WHAT IS BEING ASKED
Leaving out the images, repeat all the lines below exactly.

Collected data
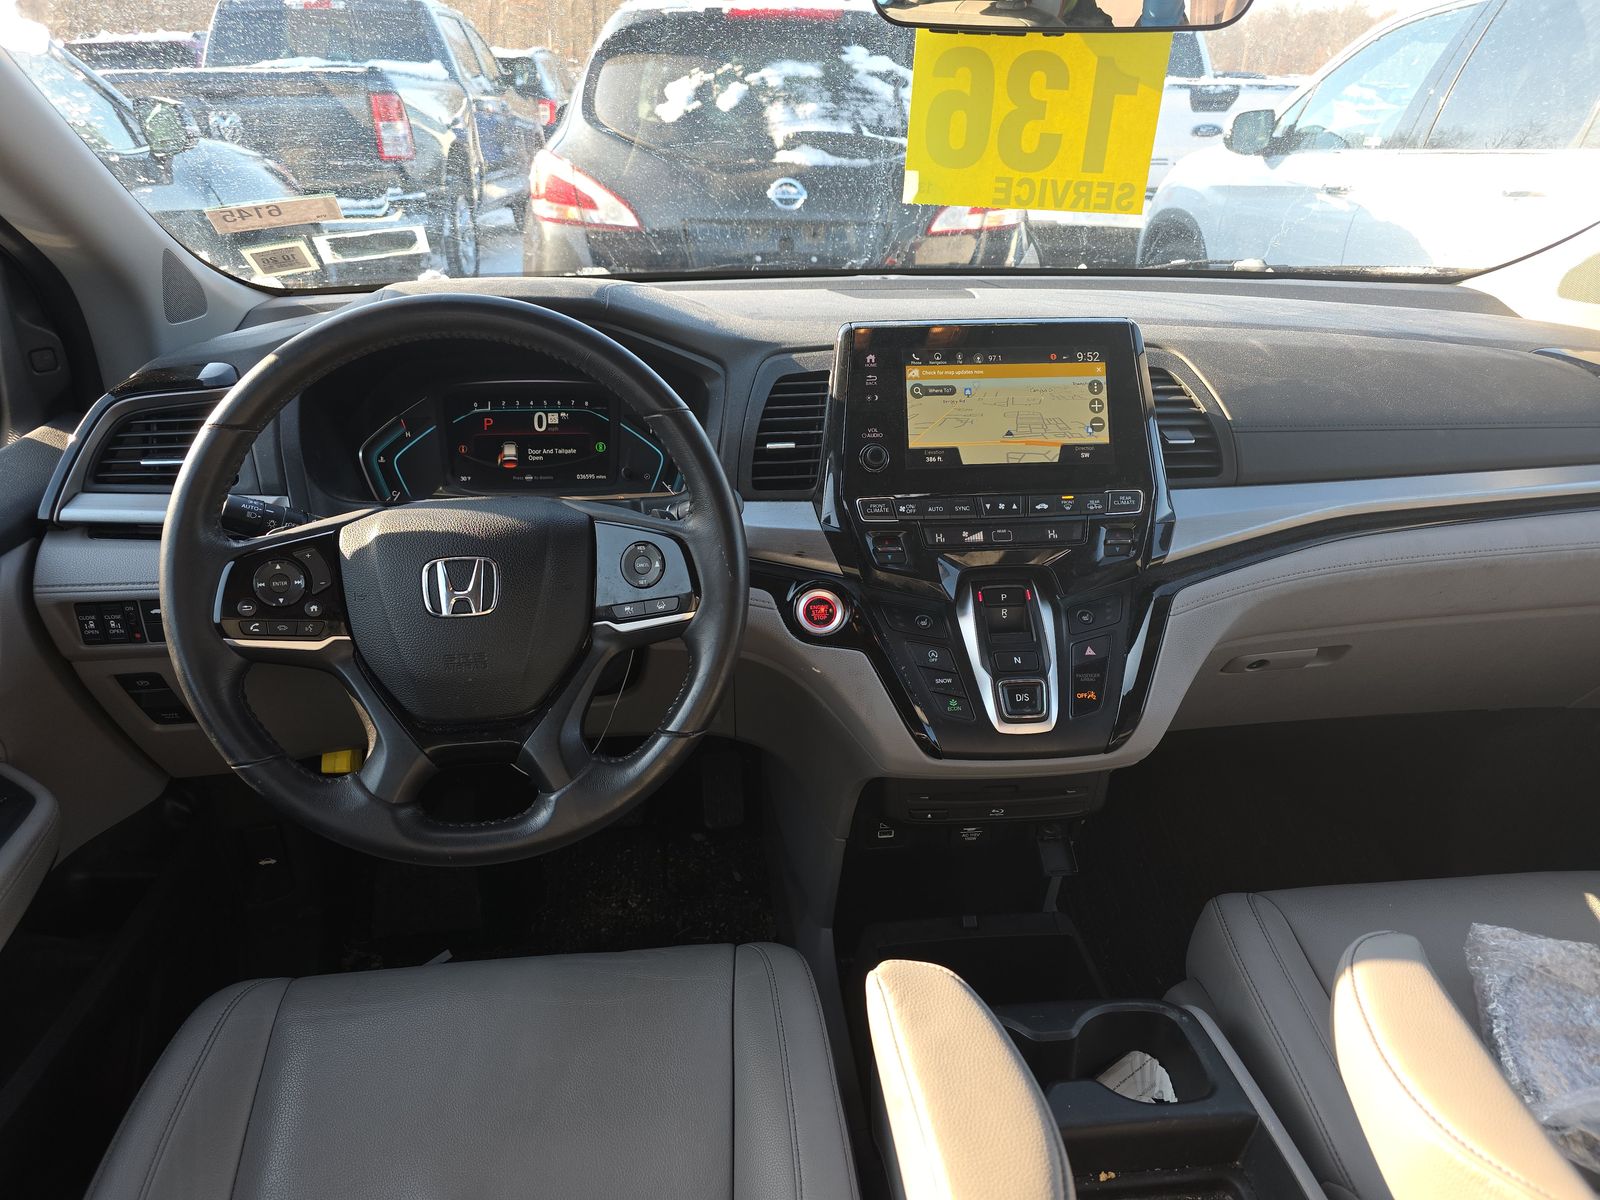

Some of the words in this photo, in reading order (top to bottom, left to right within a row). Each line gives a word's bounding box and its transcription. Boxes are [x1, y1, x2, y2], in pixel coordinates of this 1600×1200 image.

[1076, 351, 1100, 362] 9:52
[483, 417, 494, 431] P
[533, 411, 547, 432] 0
[555, 447, 577, 456] Tailgate
[528, 454, 544, 462] Open
[241, 503, 259, 511] AUTO
[1001, 593, 1007, 601] P
[1001, 608, 1008, 616] R
[1013, 656, 1022, 664] N
[1015, 693, 1030, 702] D/S
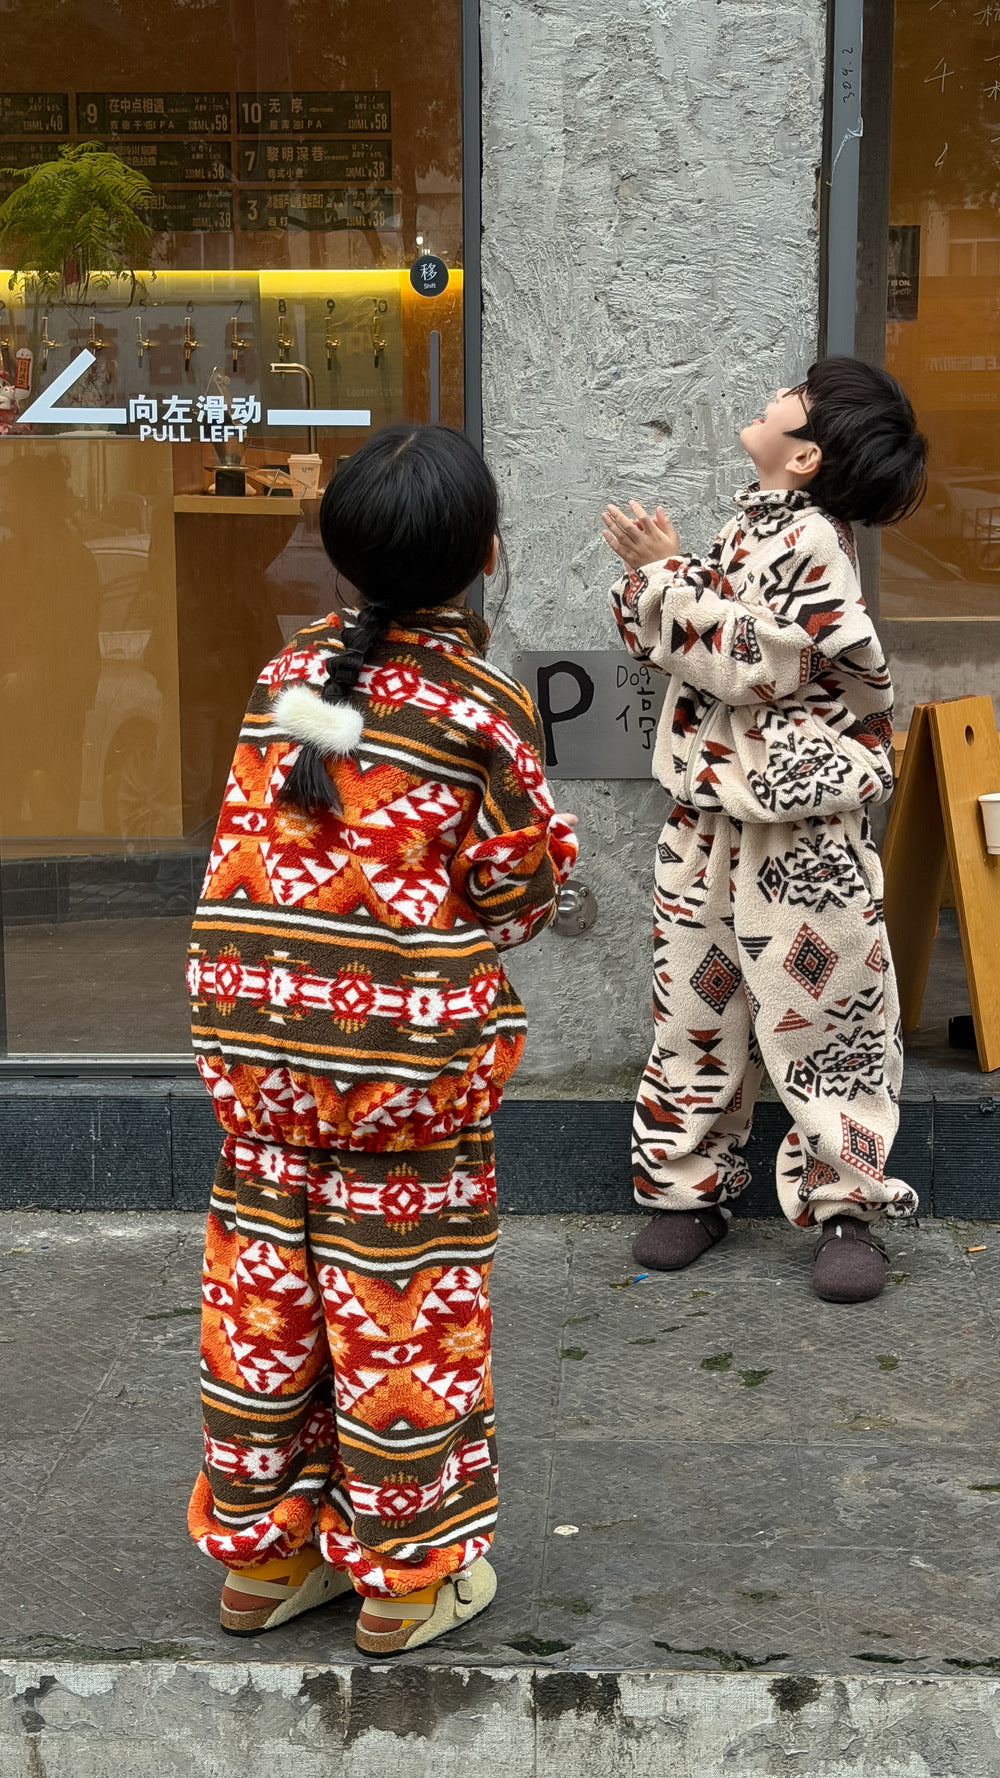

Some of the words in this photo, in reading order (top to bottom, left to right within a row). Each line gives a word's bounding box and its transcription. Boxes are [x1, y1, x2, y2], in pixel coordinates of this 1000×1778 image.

[87, 103, 97, 124] 9
[241, 103, 262, 124] 10
[244, 151, 256, 172] 7
[247, 199, 258, 221] 3
[419, 262, 438, 281] 移
[423, 282, 437, 290] Shift
[139, 299, 147, 313] 5
[186, 300, 194, 313] 6
[234, 300, 243, 313] 7
[278, 298, 287, 313] 8
[326, 298, 335, 314] 9
[373, 298, 388, 314] 10
[129, 394, 262, 424] 向左滑动
[139, 424, 192, 442] PULL
[199, 425, 248, 443] LEFT
[537, 661, 595, 767] P

ANSWER TO THE EXERCISE
Some of the words in this photo, in reading order (top to bottom, left to right within a row). Each line gives a word's bounding box and its transcription. Boxes are [x1, y1, x2, y2], in pixel coordinates of this 1600×1200 image.

[1076, 351, 1100, 362] 9:52
[483, 417, 494, 431] P
[533, 411, 547, 432] 0
[555, 447, 577, 456] Tailgate
[528, 454, 544, 462] Open
[241, 503, 259, 511] AUTO
[1001, 593, 1007, 601] P
[1001, 608, 1008, 616] R
[1013, 656, 1022, 664] N
[1015, 693, 1030, 702] D/S

Some of the words in this photo, in reading order (top to bottom, left to right within a row). Each line gives a word's bounding box and its transcription. Boxes are [x1, y1, x2, y2], in pixel coordinates of this 1000×1778 image.

[87, 103, 97, 124] 9
[241, 103, 262, 124] 10
[244, 151, 256, 172] 7
[247, 199, 258, 221] 3
[419, 262, 438, 281] 移
[423, 282, 437, 290] Shift
[139, 299, 147, 313] 5
[186, 300, 194, 313] 6
[234, 300, 243, 313] 7
[278, 298, 287, 313] 8
[326, 298, 335, 314] 9
[373, 298, 388, 314] 10
[129, 394, 262, 424] 向左滑动
[139, 424, 192, 442] PULL
[199, 425, 248, 443] LEFT
[537, 661, 595, 767] P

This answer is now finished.